Libro II "Erin Go Brach". Capítulo VIII (V)


Trece de abril de 1810 (Anno Domini). En algún lugar entre Casas Viejas y Conil.

El parlamento de García hizo enmudecer a los lugareños. Eso y el hecho de que sus hombres, aún imbuidos del calor del reciente combate y arrebatados por la muerte de uno de sus compañeros, no mostrasen un aspecto pacífico.

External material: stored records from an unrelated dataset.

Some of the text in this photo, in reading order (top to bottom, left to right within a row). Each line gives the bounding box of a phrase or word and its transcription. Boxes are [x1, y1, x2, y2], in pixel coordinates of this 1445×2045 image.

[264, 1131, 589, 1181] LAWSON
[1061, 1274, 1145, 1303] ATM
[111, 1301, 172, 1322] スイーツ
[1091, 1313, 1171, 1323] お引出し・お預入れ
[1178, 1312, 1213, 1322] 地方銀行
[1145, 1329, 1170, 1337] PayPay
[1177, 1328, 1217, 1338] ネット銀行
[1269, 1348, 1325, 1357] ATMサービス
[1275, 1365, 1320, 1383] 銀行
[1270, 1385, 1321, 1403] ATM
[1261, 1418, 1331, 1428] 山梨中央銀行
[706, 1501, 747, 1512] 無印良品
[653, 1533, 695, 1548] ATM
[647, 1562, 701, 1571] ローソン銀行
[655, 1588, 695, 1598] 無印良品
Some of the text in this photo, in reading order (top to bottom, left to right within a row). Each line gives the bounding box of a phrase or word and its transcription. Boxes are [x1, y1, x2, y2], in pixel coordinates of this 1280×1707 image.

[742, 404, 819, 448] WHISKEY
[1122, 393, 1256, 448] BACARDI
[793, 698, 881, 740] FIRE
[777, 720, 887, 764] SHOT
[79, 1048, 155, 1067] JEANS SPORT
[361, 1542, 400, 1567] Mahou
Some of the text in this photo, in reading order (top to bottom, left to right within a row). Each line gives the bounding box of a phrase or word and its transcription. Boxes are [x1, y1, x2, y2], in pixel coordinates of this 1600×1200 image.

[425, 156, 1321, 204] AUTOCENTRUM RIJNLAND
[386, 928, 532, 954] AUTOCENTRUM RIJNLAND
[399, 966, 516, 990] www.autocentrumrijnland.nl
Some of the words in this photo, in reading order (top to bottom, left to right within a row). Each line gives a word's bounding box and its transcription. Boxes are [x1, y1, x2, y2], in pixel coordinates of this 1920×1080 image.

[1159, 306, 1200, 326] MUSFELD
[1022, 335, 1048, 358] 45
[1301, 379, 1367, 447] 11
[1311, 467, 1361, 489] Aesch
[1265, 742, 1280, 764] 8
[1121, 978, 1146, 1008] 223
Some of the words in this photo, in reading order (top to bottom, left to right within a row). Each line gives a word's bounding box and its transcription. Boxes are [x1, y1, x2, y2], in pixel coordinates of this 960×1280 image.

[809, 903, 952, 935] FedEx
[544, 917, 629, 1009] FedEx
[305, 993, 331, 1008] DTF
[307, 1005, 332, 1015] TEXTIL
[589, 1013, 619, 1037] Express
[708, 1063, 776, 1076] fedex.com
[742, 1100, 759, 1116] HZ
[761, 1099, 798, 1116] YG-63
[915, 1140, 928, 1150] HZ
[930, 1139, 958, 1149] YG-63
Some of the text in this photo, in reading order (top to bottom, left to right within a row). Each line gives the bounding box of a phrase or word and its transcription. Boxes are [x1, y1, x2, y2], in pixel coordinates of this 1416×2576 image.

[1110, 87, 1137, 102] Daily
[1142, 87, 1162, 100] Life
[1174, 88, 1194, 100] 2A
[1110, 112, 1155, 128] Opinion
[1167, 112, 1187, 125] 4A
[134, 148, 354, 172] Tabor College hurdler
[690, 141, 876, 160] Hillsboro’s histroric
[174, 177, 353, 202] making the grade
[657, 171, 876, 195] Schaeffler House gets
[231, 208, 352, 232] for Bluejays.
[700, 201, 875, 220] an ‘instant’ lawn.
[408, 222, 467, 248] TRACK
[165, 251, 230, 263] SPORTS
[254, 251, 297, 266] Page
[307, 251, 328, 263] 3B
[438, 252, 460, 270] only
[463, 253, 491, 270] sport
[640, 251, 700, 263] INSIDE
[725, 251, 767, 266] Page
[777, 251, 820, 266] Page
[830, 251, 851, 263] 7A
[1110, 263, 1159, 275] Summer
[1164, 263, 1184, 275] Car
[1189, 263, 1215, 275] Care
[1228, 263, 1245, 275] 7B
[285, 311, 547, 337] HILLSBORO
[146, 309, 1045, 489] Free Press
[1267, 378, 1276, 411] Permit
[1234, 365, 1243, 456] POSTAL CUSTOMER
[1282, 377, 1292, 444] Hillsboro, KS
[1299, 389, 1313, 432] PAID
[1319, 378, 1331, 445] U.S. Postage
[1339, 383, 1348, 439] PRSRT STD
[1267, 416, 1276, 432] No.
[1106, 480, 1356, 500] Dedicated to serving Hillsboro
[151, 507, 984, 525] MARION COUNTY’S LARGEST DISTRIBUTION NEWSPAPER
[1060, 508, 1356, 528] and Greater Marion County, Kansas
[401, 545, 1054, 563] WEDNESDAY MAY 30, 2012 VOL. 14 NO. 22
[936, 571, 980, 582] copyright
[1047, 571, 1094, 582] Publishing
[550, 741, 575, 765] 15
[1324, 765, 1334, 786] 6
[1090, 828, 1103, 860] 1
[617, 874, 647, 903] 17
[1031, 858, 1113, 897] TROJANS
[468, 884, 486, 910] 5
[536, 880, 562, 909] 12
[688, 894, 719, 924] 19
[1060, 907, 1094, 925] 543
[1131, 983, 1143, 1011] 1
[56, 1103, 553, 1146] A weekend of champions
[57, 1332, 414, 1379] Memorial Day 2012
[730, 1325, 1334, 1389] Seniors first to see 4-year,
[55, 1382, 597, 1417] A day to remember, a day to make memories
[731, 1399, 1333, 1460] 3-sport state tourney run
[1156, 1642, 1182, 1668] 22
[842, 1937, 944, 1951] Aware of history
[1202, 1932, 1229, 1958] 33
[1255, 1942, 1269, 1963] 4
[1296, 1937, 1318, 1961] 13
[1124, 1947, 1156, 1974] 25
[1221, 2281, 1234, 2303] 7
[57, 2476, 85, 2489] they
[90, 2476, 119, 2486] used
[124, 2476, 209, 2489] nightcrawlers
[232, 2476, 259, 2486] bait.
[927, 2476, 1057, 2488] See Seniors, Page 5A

Después de dar sepultura a Medinilla; aprestar los carros franceses, que emplearíamos en nuestra retirada y, finalmente, hacer volar el depósito con lo que quedaba en su interior, nos pusimos en marcha no sin antes habernos asegurado de que la palabra Gibraltar se dejase oír con claridad para el caso, más que seguro, de que se diera aviso a los franceses éstos se encaminasen al punto opuesto a donde nos dirigíamos.

Aunque Pendlebury y yo discutimos sobre la conveniencia de llevar consigo a rehenes de entre los voluntarios locales, pues de los franceses no quedó vivo ninguno ni siquiera los carreteros, convinimos en que era más prudente no hacerlo pues, ante la cercanía de tropa enemiga, podría delatarnos.
Salimos, pues, del pueblo todo lo veloces que lo permitían las bestias. Pendlebury y yo, con el guía que nos dejara Galván y que era un sujeto al que llamaban Dionisio, nos desplazábamos a caballo mientras que García y sus hombres se repartían en dos de los carros capturados.

El plan de huida pasaba por, después de abandonar nuestras monturas, refugiarnos en la posada de Matías para, al amparo de la noche, marchar hacia la costa en donde el Pigeon debería aguardarnos.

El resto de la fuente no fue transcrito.